Очень удивились бы авторы этих воспоминаний, если бы им стало известно, что не только в конце, но и в начале своей литературной работы «аполитический» Чехов смело высказывал в печати те самые мысли, какие, по их убеждению, пришли к нему лишь в предсмертные месяцы жизни, а до той поры никогда не посещали его.
Такое заблуждение могло укрепиться в умах этих современников Чехова лишь потому, что им были плохо известны (вернее, совсем неизвестны) ранние произведения писателя.
Вглядываясь в эти произведения лет десять назад, я неожиданно для себя убедился, что юноша Чехов в самый мрачный период реакции пытался приобщиться к традициям шестидесятых годов и высказать резкий протест против беззаконий, царивших в тогдашней действительности.
Так, в одной из сатирических статеек («Записка»), напечатанных в журнале «Осколки», юноша Чехонте дерзнул намекнуть, что царская полиция держит в тисках всю духовную жизнь страны. С обычным своим лаконизмом он выразил эту истину так:
«Русская мысль у квартального» (4, 394).
Квартальными назывались в те времена полицейские.
К этому Чехов прибавил, что в тогдашней России нет никаких проблесков светлого будущего, а есть шпионы да сибир екая каторга. Шпионов нередко именовали тогда наблюдателями. Поэтому у Чехова сказано так:
«Жизни, зари и нови нет нигде, а наблюдатель и сибирь есть» (4, 394).

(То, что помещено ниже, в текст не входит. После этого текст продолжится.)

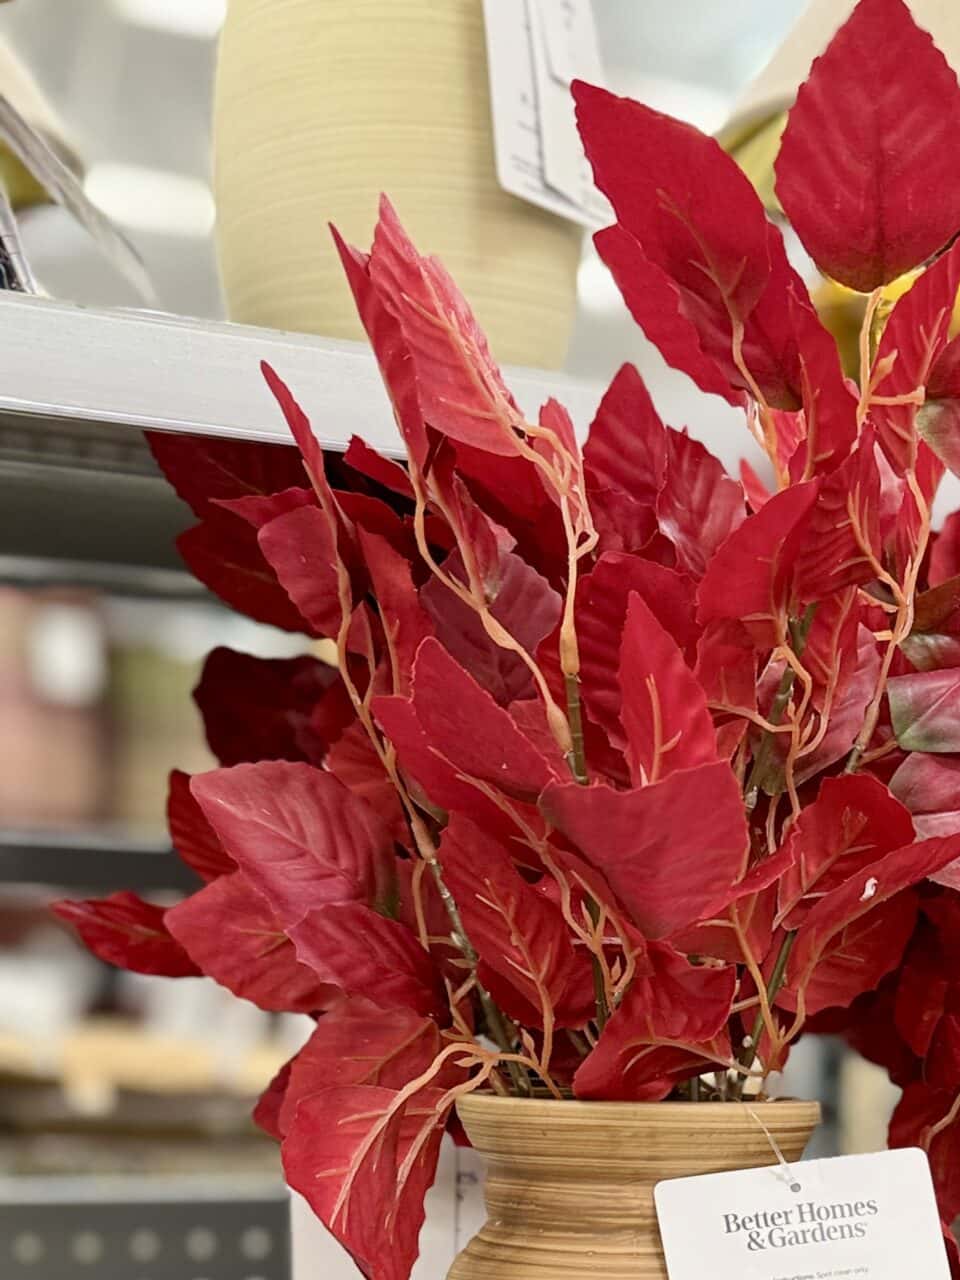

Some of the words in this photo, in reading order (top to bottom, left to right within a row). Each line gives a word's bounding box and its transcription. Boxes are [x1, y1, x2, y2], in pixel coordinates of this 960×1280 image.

[722, 1211, 793, 1234] Better
[797, 1200, 878, 1223] Homes
[768, 1221, 866, 1248] Gardens

Спрашивается, почему же царская цензура без всяких препон разрешила Чехову напечатать в журнале такие крамольные строки?
Это произошло потому, что Чехов с большим искусством применил в своей журнальной статейке один из хитроумных приемов так называемой эзоповой речи. Статейка написана в середине восьмидесятых годов. Так как в ту пору в России издавались журналы «Новь», «Наблюдатель», «Русская мысль», а также газеты «Жизнь», «Заря», «Сибирь», Чехов использовал эти названия для двух зашифрованных фраз, всецело полагаясь на догадку читателя, который, расшифровав эти фразы, смекнет, что речь идет не о заглавиях, но о подлинных, реальных вещах.

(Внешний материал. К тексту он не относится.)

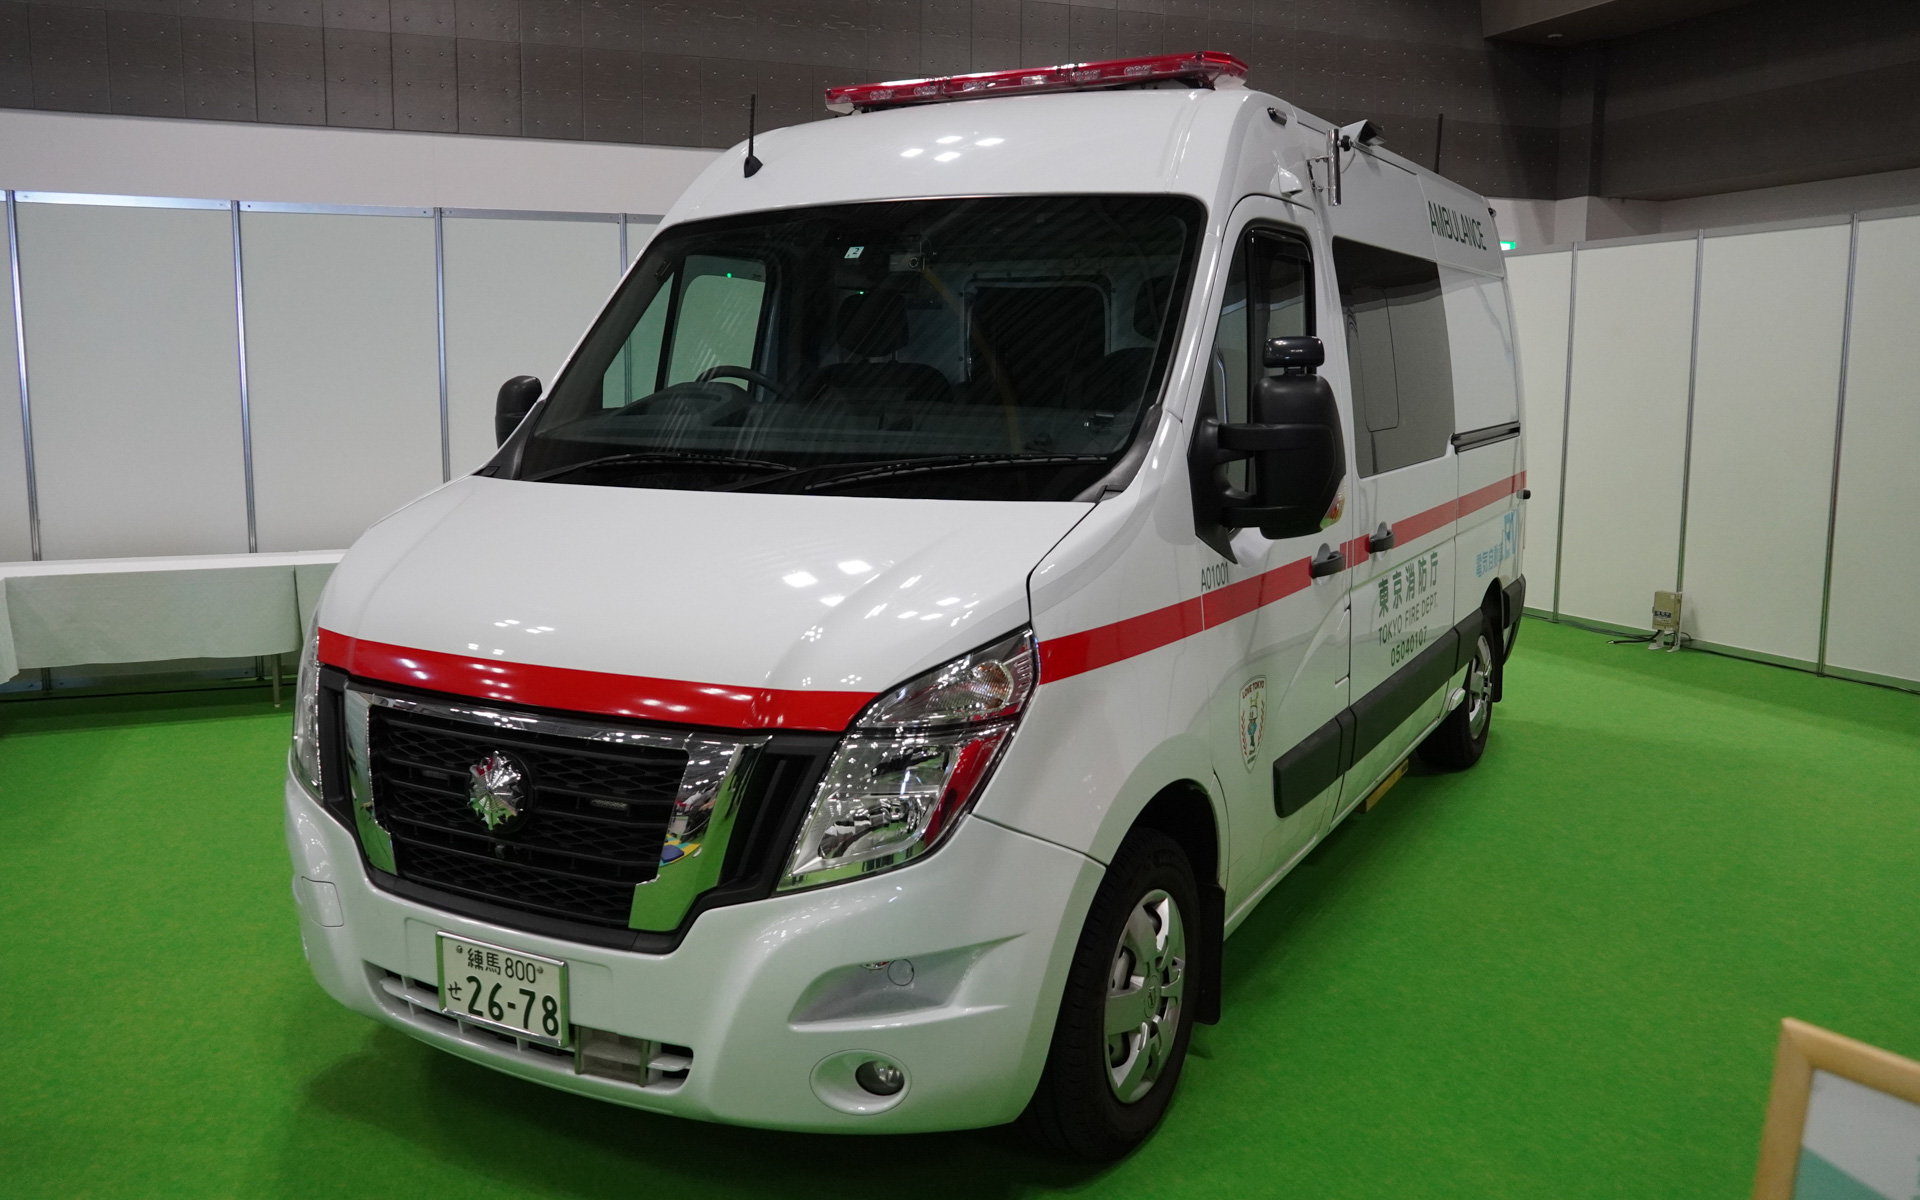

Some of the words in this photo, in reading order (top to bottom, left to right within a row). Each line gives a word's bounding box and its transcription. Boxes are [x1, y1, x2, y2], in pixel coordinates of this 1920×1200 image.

Чтобы окончательно сбить цензора с толку, Чехов изобразил дело так, будто эти фразы написаны полуграмотной женщиной, буфетчицей провинциального клуба, составившей для начальства отчет о местонахождении газет и журналов, взятых из клубной читальни.
В ее отчете упомянуты двадцать четыре названия. Каждое из них здесь дано без кавычек. Для цензуры это объясняется безграмотностью глупой буфетчицы, а читателю тем самым внушается мысль, что, например, журнал «Ваза» в данном контексте совсем не журнал, а самая обыкновенная ваза и газета «Инвалид» - не газета, а подлинный, живой инвалид.

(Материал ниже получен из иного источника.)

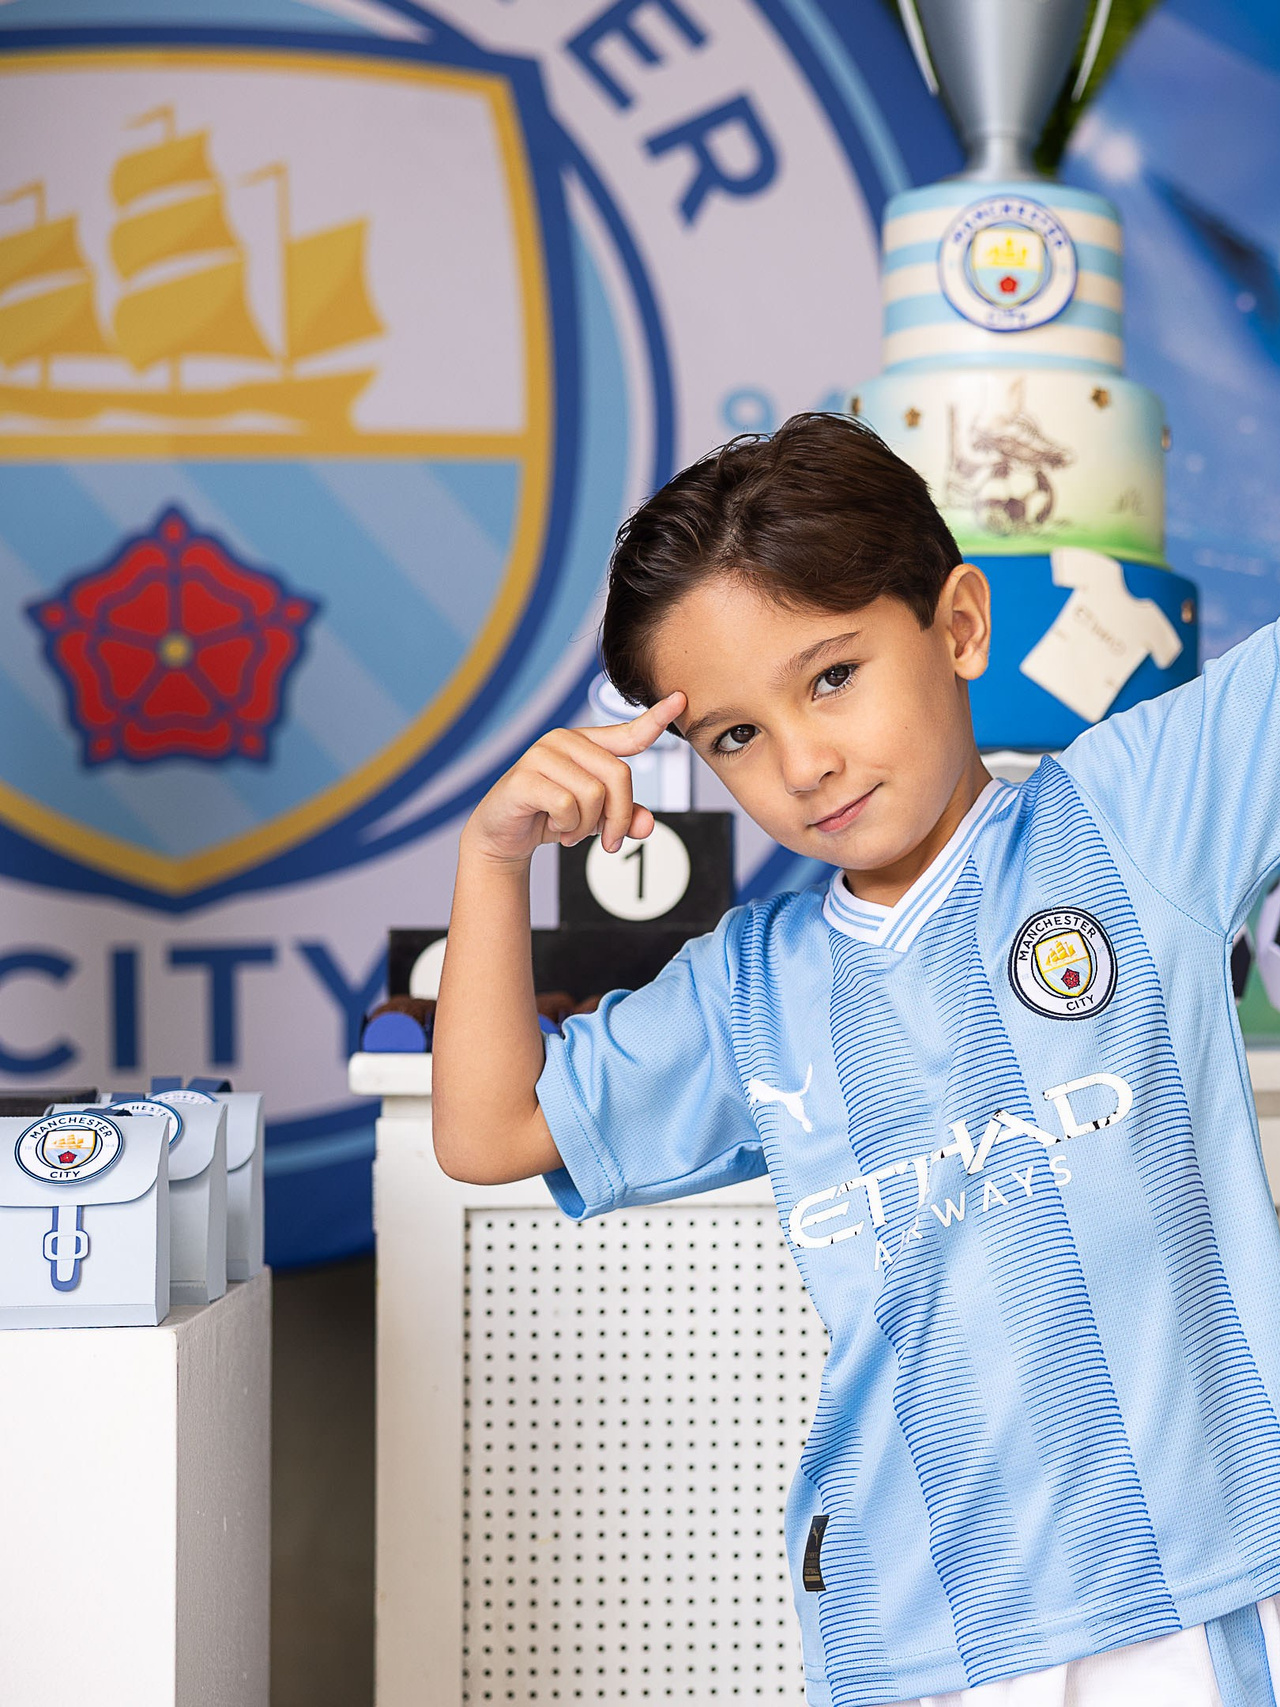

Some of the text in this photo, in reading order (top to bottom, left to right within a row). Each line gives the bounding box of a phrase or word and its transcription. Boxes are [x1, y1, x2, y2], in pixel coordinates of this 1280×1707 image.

[621, 842, 646, 902] 1
[1018, 915, 1097, 961] MANCHESTER
[0, 940, 390, 1079] CITY
[1066, 994, 1094, 1011] CITY
[29, 1116, 113, 1140] MANCHESTER
[49, 1169, 81, 1179] CITY
[788, 1072, 1134, 1249] ETIHAD

То же самое относится и к казенно-церковному органу «Странник». Здесь такая же двойная игра: буфетчица разумеет журнал, но читателю надлежит догадаться, что в статейке фигурирует подлинный странник - так назывались тогда ханжи-богомольцы, слонявшиеся по монастырям и церквам. В отчете буфетчицы сказано: «странник ежели не у купчихи Ви-хоркиной, то значит в буфете» (4, 394), то есть либо распутничает, либо пьянствует.
Точно таким же манером Чехов использовал название юмористического листка «Развлечение»:
«развлечение у отца Никандра в шкафчике, где водка» (4,394).*'",
И название ежемесячного журнала «Дело»:
«…у вице-губернатора дел нет, оно у его сикретаря» (4,395).